Prompt → Below is a block of records: output all of them exactly and leave out the pictures.

##### Task input #####

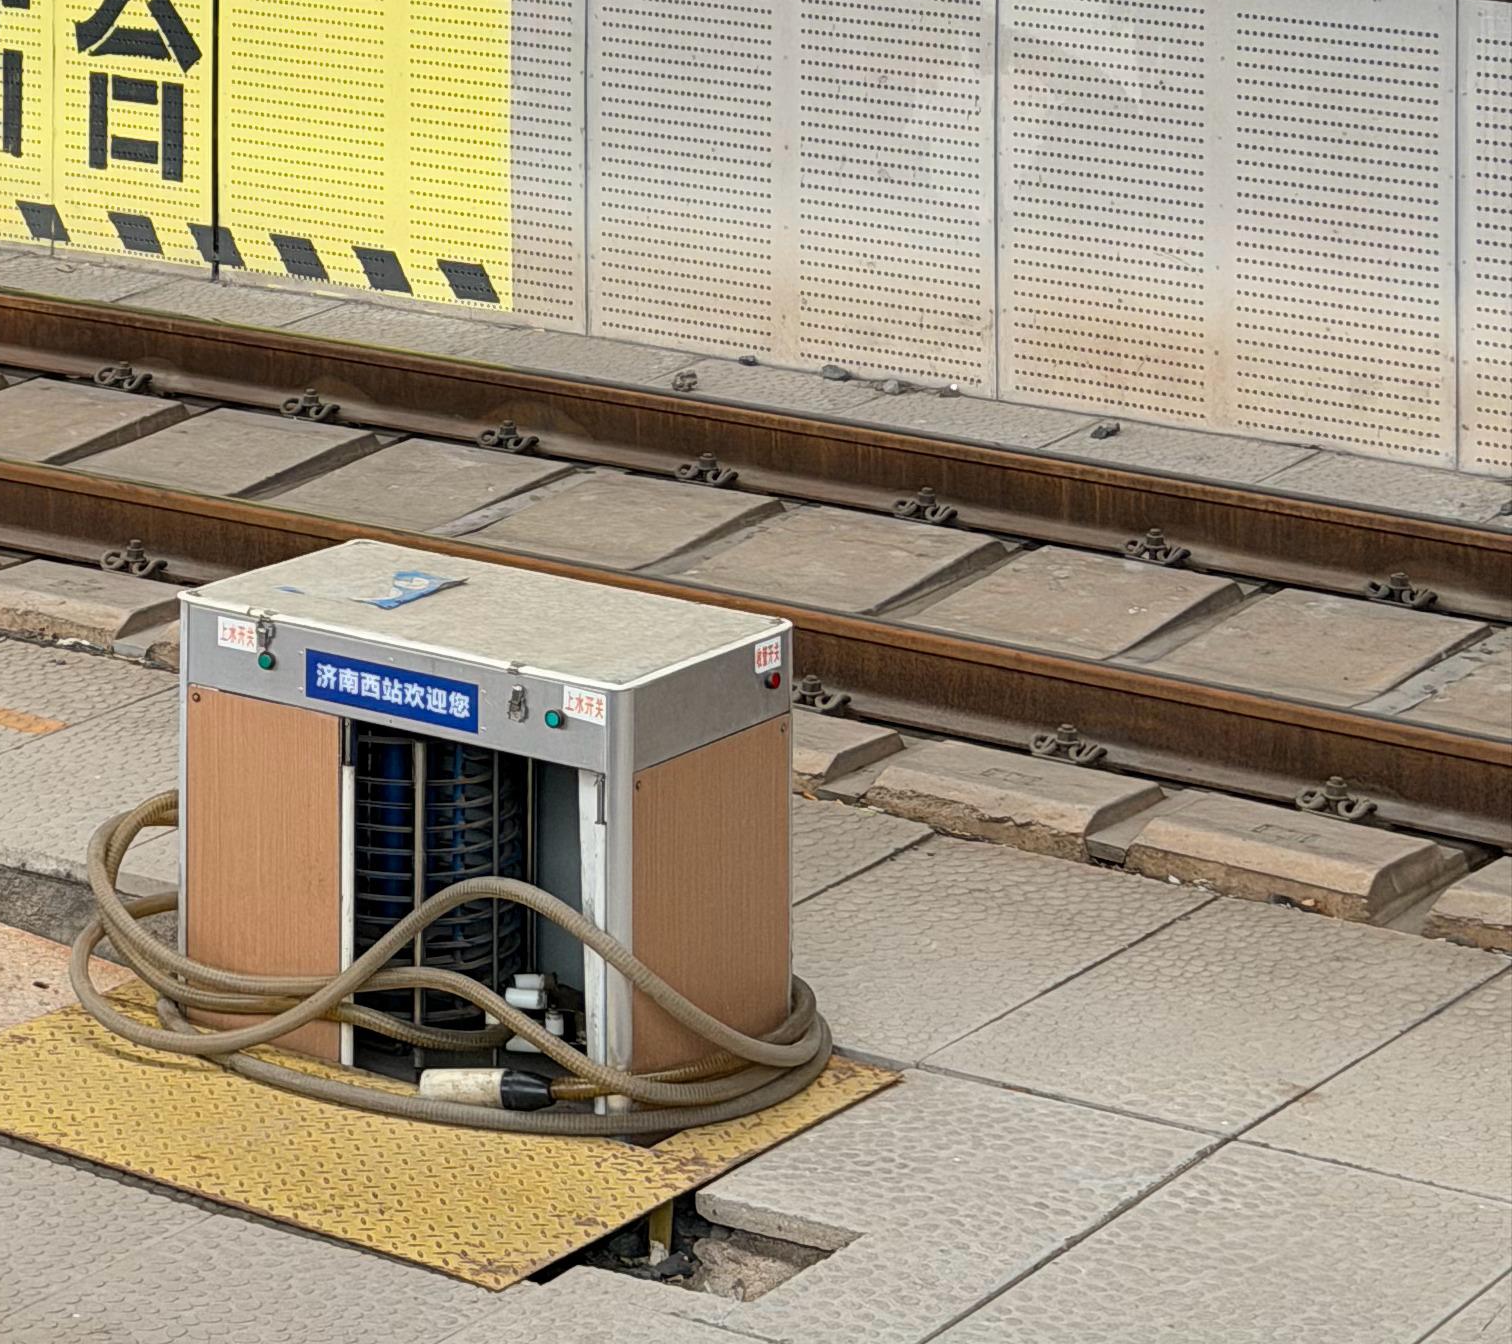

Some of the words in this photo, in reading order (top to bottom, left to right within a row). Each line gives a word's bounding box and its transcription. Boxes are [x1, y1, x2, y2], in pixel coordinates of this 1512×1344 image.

[316, 663, 471, 719] 济南西站欢迎您
[565, 691, 604, 720] 上水开关
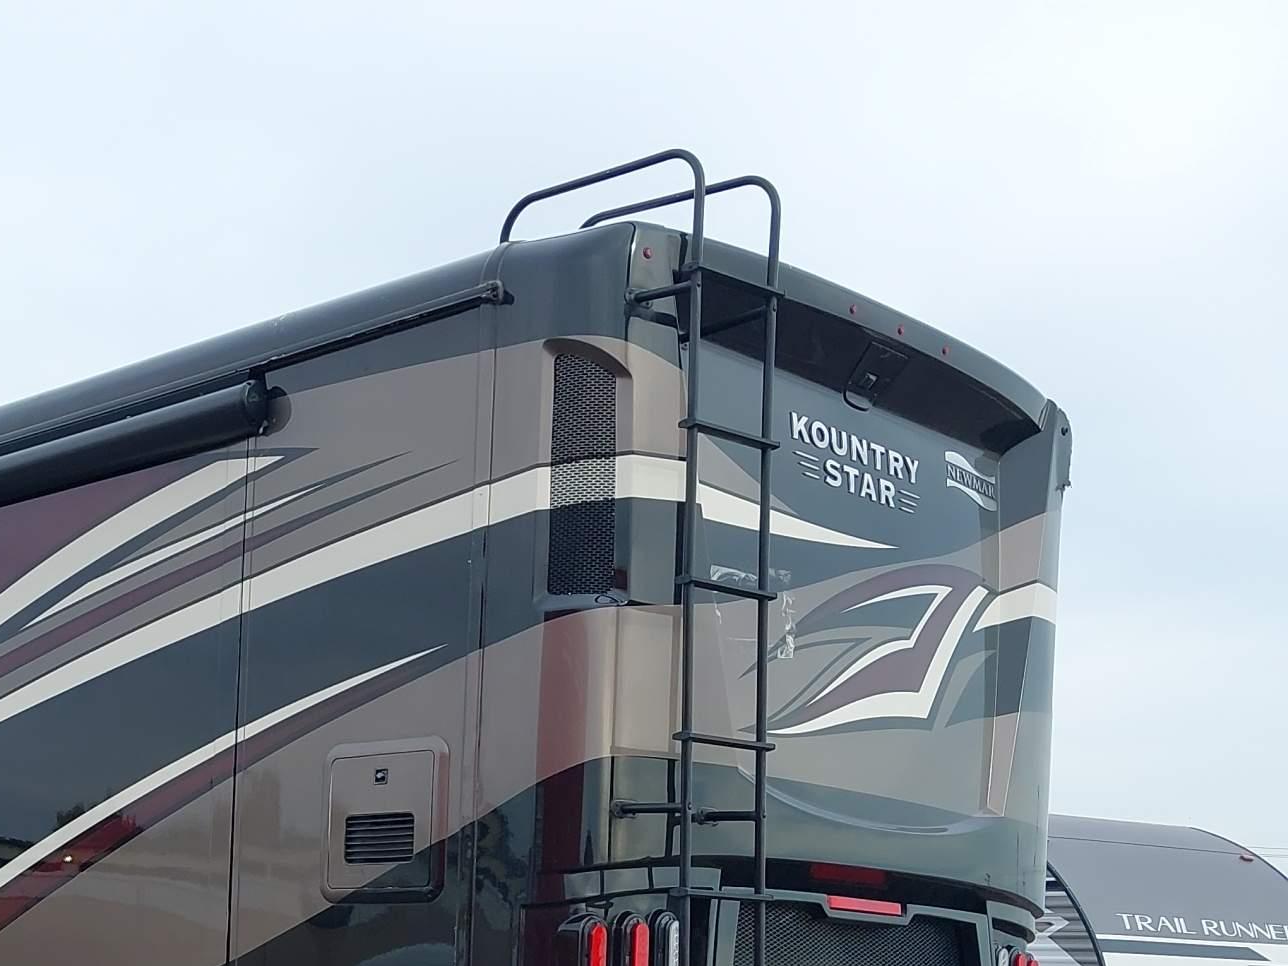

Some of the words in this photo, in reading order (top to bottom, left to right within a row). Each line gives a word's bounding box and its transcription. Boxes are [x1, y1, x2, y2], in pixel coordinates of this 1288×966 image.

[789, 410, 919, 484] KOUNTRY
[823, 459, 896, 508] STAR
[1114, 913, 1197, 934] TRAIL
[1200, 919, 1288, 941] RUNNE

#####

Result of this task →
Some of the words in this photo, in reading order (top to bottom, left to right within a row). Each line gives a word's bounding box and its transcription. Boxes are [x1, y1, x2, y2], in pixel coordinates of this 1512×1344 image.

[316, 663, 471, 719] 济南西站欢迎您
[565, 691, 604, 720] 上水开关

Some of the words in this photo, in reading order (top to bottom, left to right within a row). Each line gives a word's bounding box and its transcription. Boxes are [x1, y1, x2, y2], in pixel coordinates of this 1288×966 image.

[789, 410, 919, 484] KOUNTRY
[823, 459, 896, 508] STAR
[1114, 913, 1197, 934] TRAIL
[1200, 919, 1288, 941] RUNNE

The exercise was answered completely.